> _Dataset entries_
↓↓↓

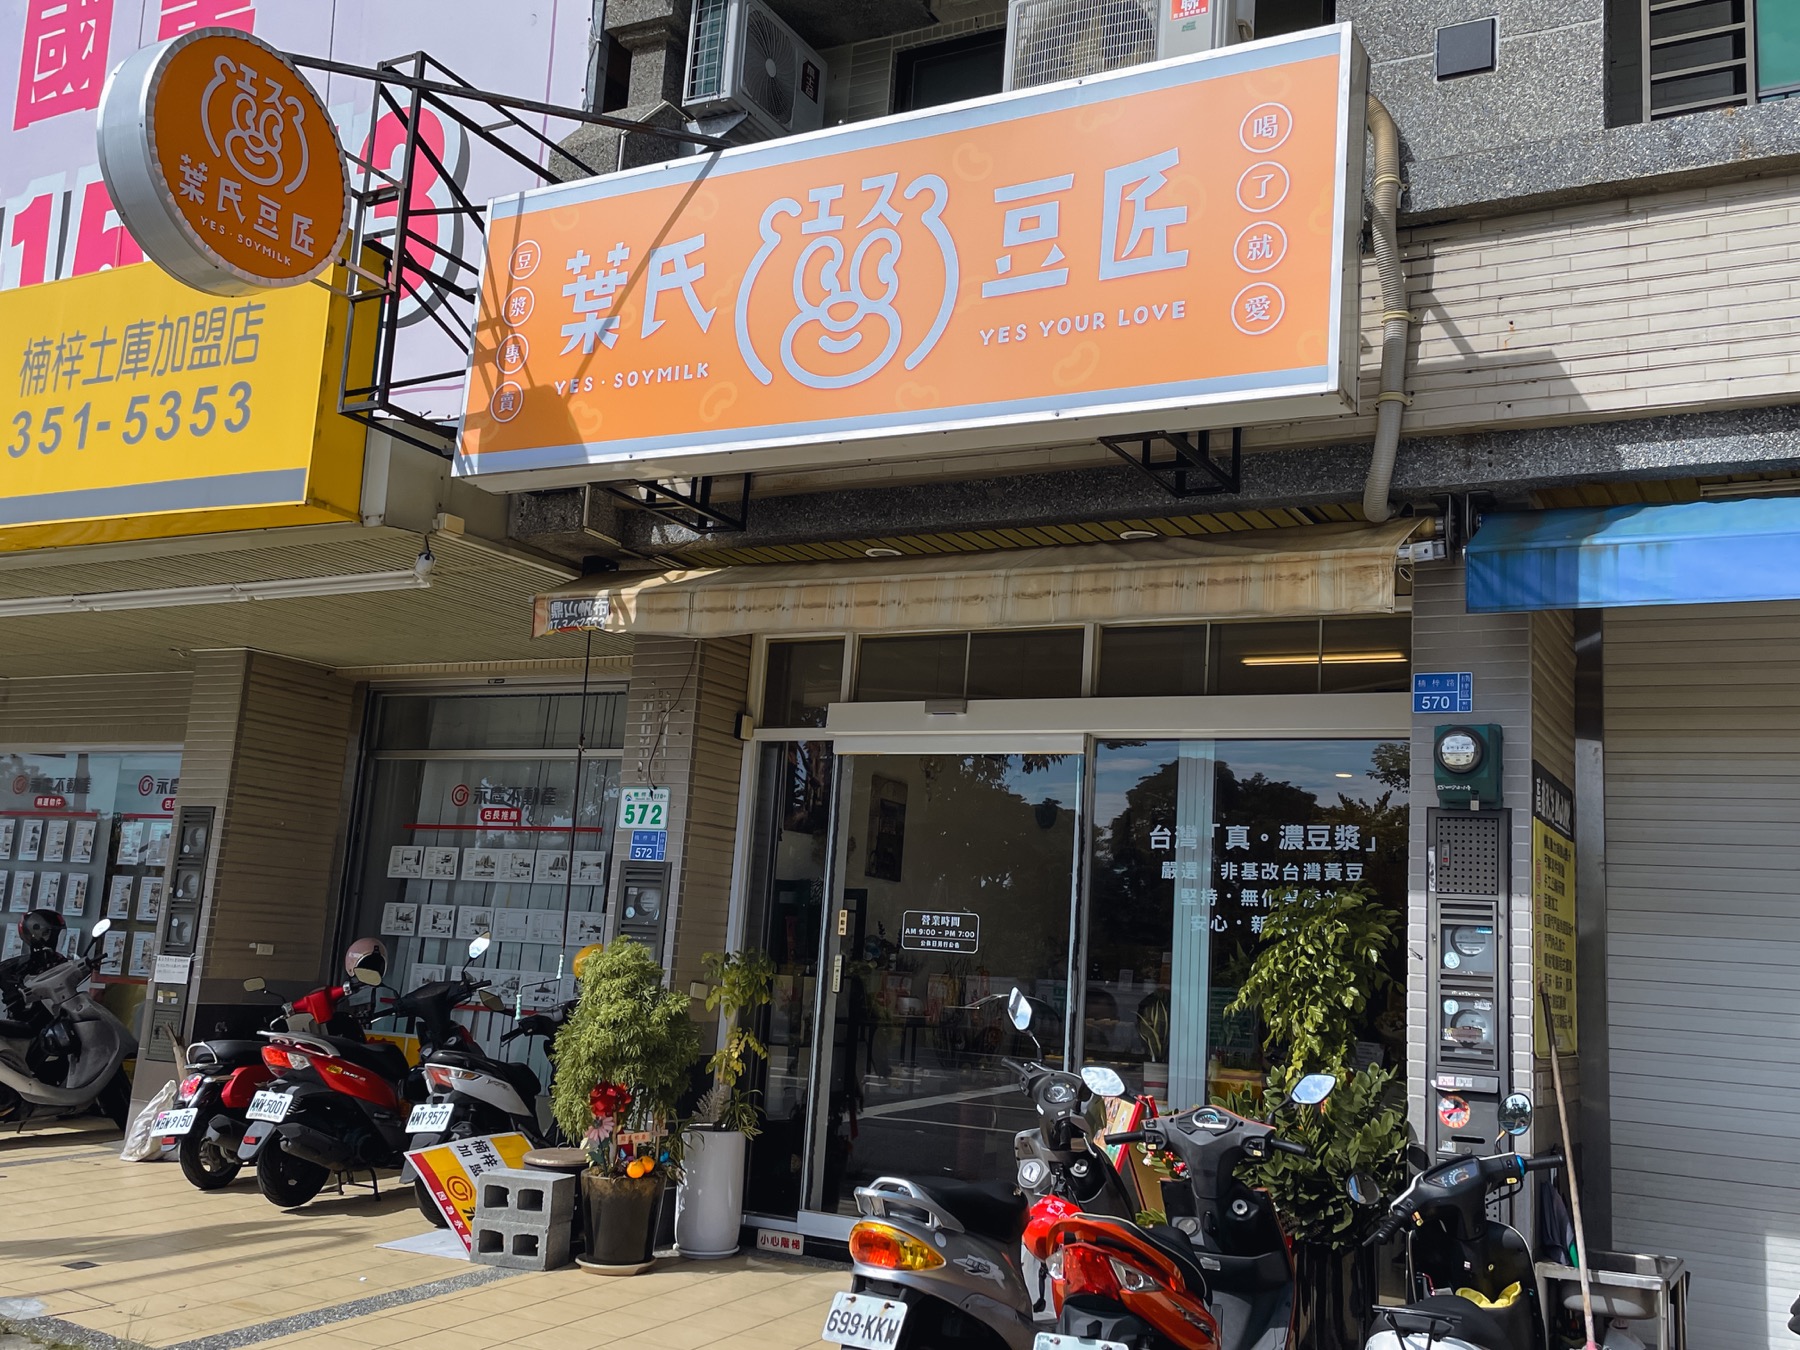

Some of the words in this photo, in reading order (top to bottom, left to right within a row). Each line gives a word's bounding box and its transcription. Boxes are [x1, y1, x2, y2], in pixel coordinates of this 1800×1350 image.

[179, 154, 315, 257] 葉氏豆匠
[979, 323, 1027, 346] YES
[1039, 312, 1106, 338] YOUR
[1117, 301, 1186, 327] LOVE
[19, 301, 267, 398] 楠梓土庫加盟店
[7, 381, 253, 459] 351-5353
[1421, 696, 1450, 709] 570
[624, 804, 662, 824] 572
[634, 847, 652, 858] 572
[918, 928, 936, 936] 9:00
[760, 1234, 800, 1250] 小心階梯
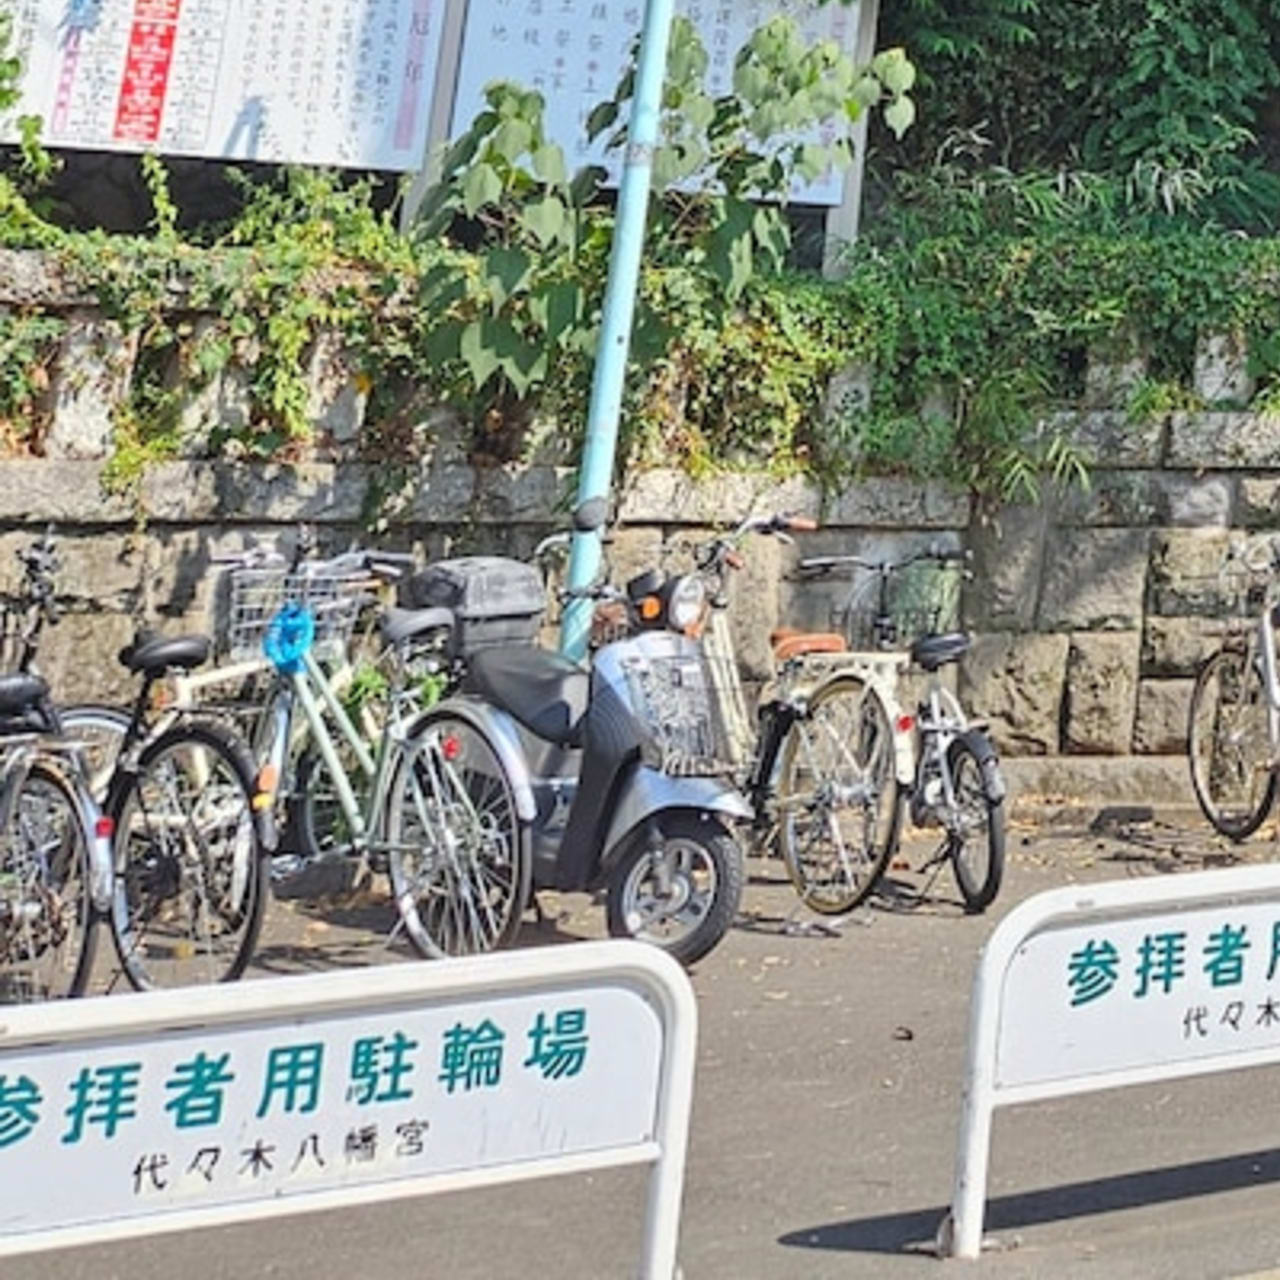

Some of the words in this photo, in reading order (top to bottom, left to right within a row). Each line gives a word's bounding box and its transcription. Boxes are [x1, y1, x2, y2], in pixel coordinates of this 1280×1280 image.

[0, 1007, 591, 1148] 参拝者用駐輪場
[131, 1118, 430, 1195] 代々木八幡宮

↑↑↑

> _REQUIREMENT_
Pictures aside, reproduce all of the data exactly.

> _PROBLEM SOLUTION_
Some of the words in this photo, in reading order (top to bottom, left to right within a row). Each line gives a word's bounding box and its transcription. Boxes are [x1, y1, x2, y2], in pixel coordinates of this 1800×1350 image.

[179, 154, 315, 257] 葉氏豆匠
[979, 323, 1027, 346] YES
[1039, 312, 1106, 338] YOUR
[1117, 301, 1186, 327] LOVE
[19, 301, 267, 398] 楠梓土庫加盟店
[7, 381, 253, 459] 351-5353
[1421, 696, 1450, 709] 570
[624, 804, 662, 824] 572
[634, 847, 652, 858] 572
[918, 928, 936, 936] 9:00
[760, 1234, 800, 1250] 小心階梯

Some of the words in this photo, in reading order (top to bottom, left to right within a row). Each line gives a word's bounding box and its transcription. Boxes are [x1, y1, x2, y2], in pixel coordinates of this 1280×1280 image.

[0, 1007, 591, 1148] 参拝者用駐輪場
[131, 1118, 430, 1195] 代々木八幡宮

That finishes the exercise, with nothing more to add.